Pameran tunggalnya yang pertama, Kick!, di Langgeng Icon Gallery, Jakarta, 29 April-29 Mei 2009, menunjukkan pendekatan subyektif yang segar terhadap langgam seni rupa potret, idiom yang masih digandrungi oleh para perupa kontemporer, baik di Yogya maupun di Bandung. Rifky Effendi, kurator pameran ini, menyebutkan hubungan antara Tommy dan para temannya di lingkungan seni rupa itu bersifat mendua: benci tapi rindu. Pertanyaannya: apakah karya Tommy yang meng-kick para perupa itu memang mencerminkan relasi psikologis tertentu atau strategi memposisikan diri di antara para perupa sejawat?
”Meng-kick para perupa muda yang saya kenal dan berada di lingkaran luas saya sendiri atas dasar alasan menyukai mereka secara pribadi, dari segi karya-karyanya, attitude-nya, sepak terjangnya, prestasinya, dan sebagainya, dapat menjadi alasan subyektif saya untuk kemudian mengangkat mereka sebagai obyek karya,” ujar Tommy.

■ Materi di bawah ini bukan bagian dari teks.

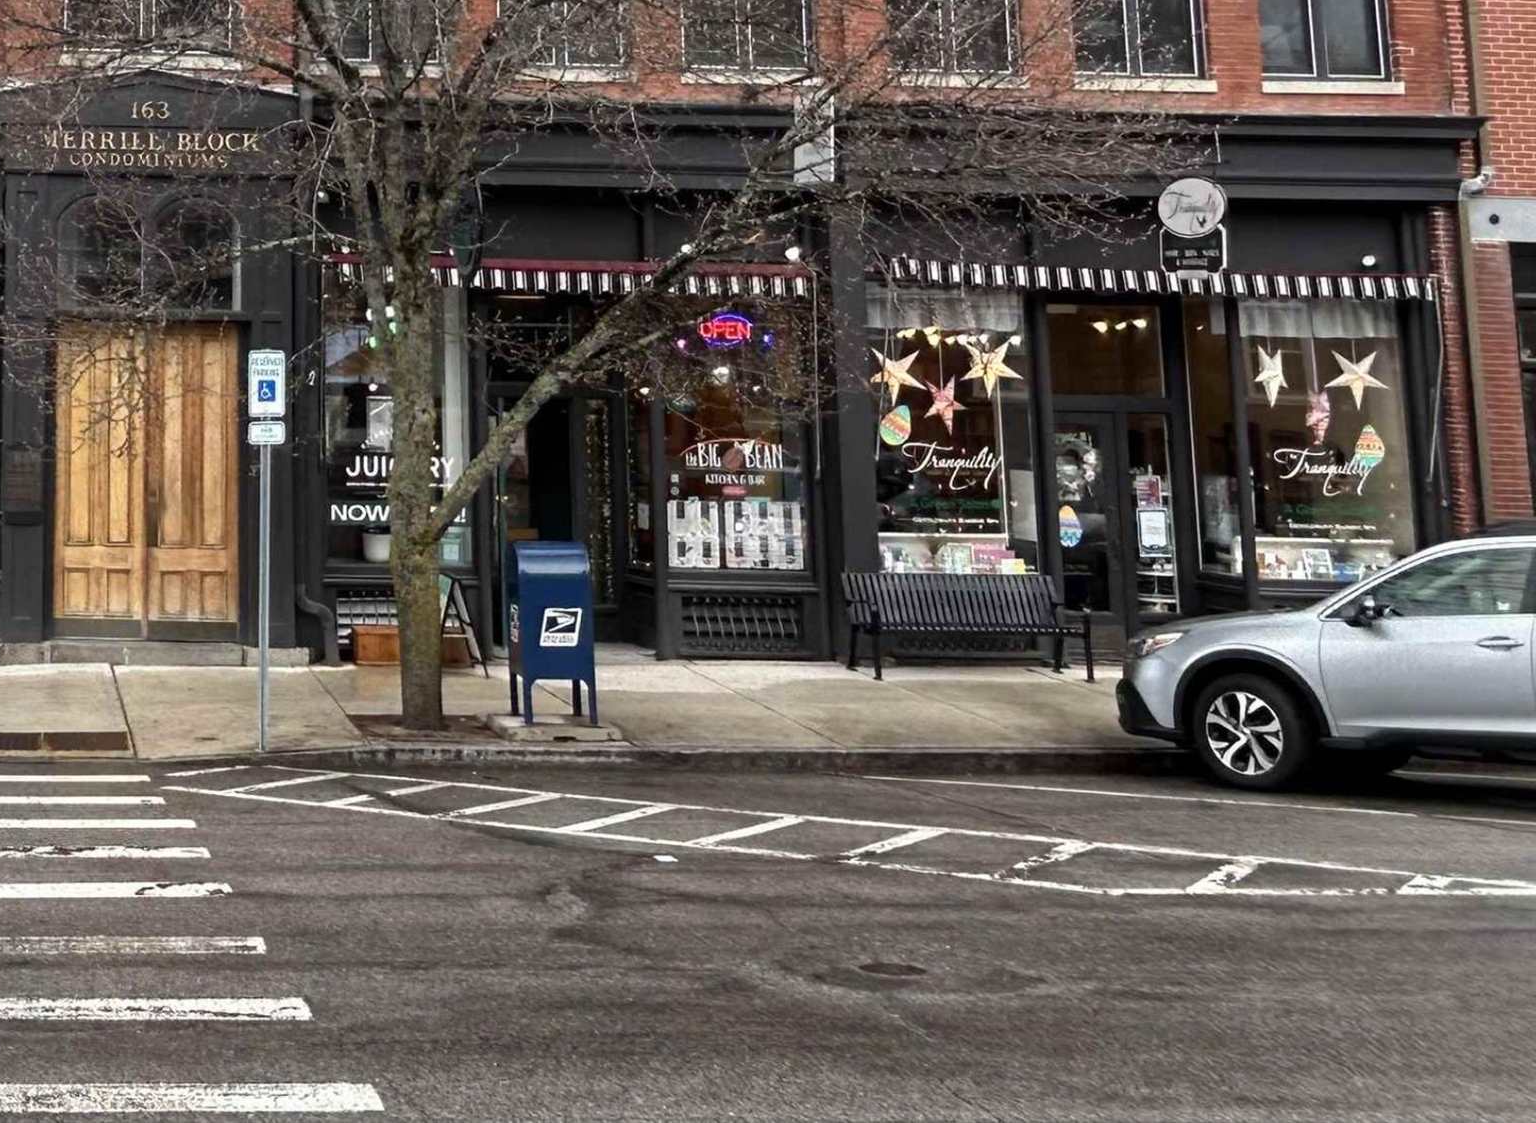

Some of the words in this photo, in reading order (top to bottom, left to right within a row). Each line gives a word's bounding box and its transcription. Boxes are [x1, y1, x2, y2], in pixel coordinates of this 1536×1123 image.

[131, 101, 170, 119] 163
[43, 130, 164, 151] MERRILL
[177, 132, 260, 153] BLOCK
[69, 152, 229, 168] CONDOMINIUMS
[699, 322, 752, 340] OPEN
[345, 455, 455, 478] JUIRY
[697, 443, 721, 467] BIG
[744, 443, 784, 470] BEAN
[901, 441, 1002, 491] Tranquility
[1273, 448, 1377, 496] Tranquility
[330, 504, 391, 522] NOW
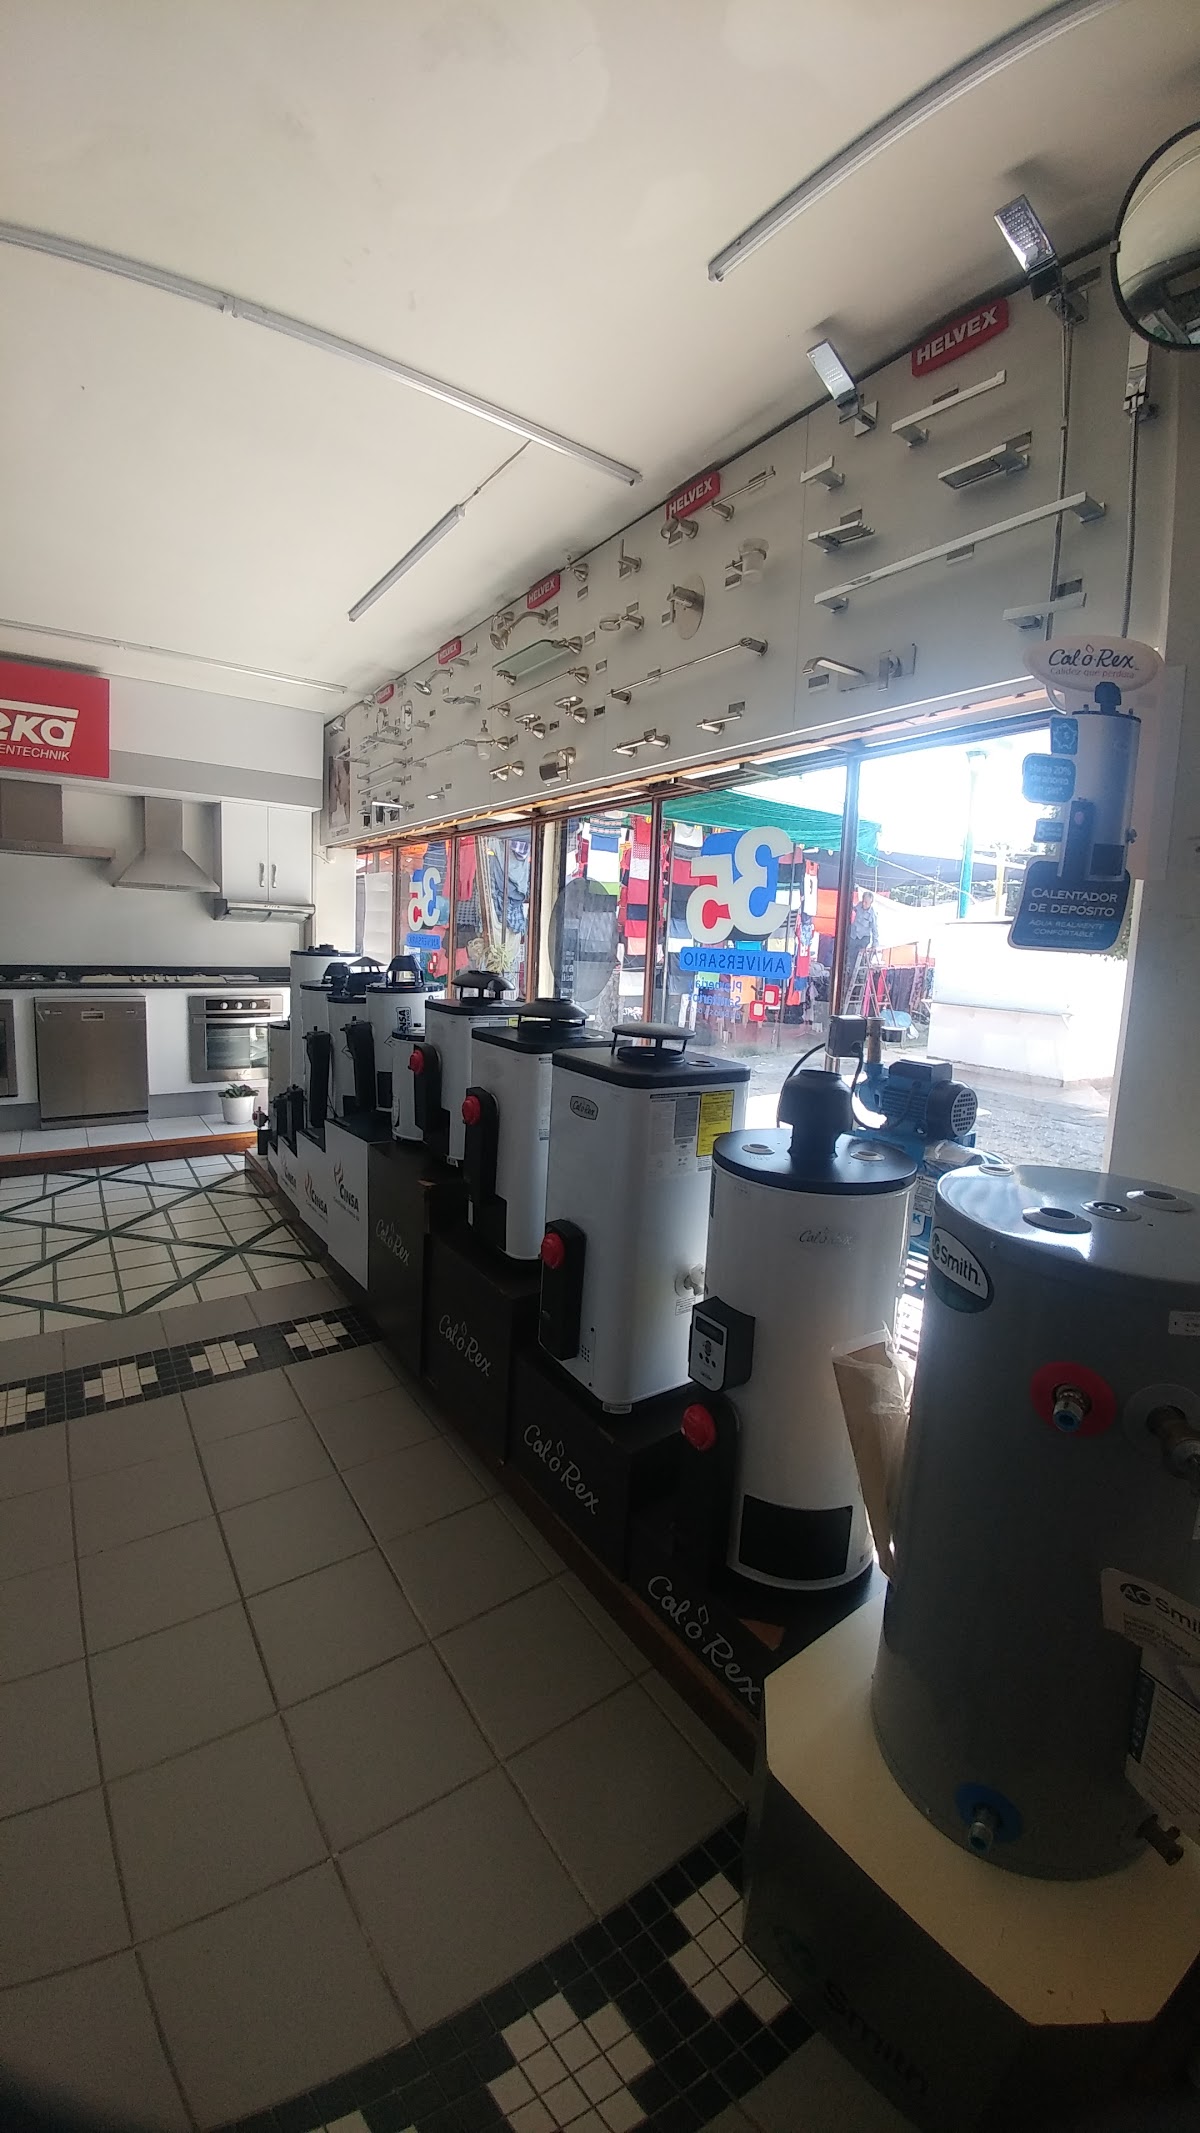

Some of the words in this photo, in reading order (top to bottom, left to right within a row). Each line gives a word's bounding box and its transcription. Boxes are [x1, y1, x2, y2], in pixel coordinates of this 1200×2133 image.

Ia menggambar 16 raut para perupa muda itu penuh dengan lebam. Gambar-gambar itu bertarikh 2009, dan semua berukuran sama, 75 x 50 sentimeter. Potret itu dijejer-jejer rapat, nyaris menutup dinding. Seandainya terpasang di tempat umum, gambar-gambar itu akan mengesankan sebuah peringatan pada publik atau ancaman yang sungguh-sungguh bagi para pembangkang. Pada seri inilah Tommy menggambar dengan arang dan pensil grafit di atas kertas, medium langka yang kini mulai digemari di kalangan perupa muda. Seri ini menghasilkan himpunan gambar hitam-putih yang cukup mencekam. Wajah para perupa itu runyam, seolah-olah bercerita baru saja mengalami tindak kekerasan yang brutal. Tapi manakah musuh para seniman itu?

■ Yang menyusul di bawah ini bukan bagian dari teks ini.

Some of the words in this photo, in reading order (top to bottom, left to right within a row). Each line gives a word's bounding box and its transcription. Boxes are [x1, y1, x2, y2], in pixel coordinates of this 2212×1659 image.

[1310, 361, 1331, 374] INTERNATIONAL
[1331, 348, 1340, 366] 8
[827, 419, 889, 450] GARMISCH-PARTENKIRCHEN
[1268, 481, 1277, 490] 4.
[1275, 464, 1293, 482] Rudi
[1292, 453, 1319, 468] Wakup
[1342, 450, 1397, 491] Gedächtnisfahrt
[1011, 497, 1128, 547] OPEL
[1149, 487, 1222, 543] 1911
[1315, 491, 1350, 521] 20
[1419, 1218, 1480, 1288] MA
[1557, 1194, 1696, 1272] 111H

Teknik gambar Tommy tak terlampau rinci, tapi goresannya cukup jitu dan mengena. Identitas baru para perupa muda yang boyak itu bisa ditampilkan. Ya, andaikan tanpa dibubuhi ”tumpahan kopi” atau besutan hitam lebam dan memar pun, potret-potret itu akan tetap cukup kuat sebagai karya gambar. Kemampuan yang langka di kalangan perupa muda di Bandung.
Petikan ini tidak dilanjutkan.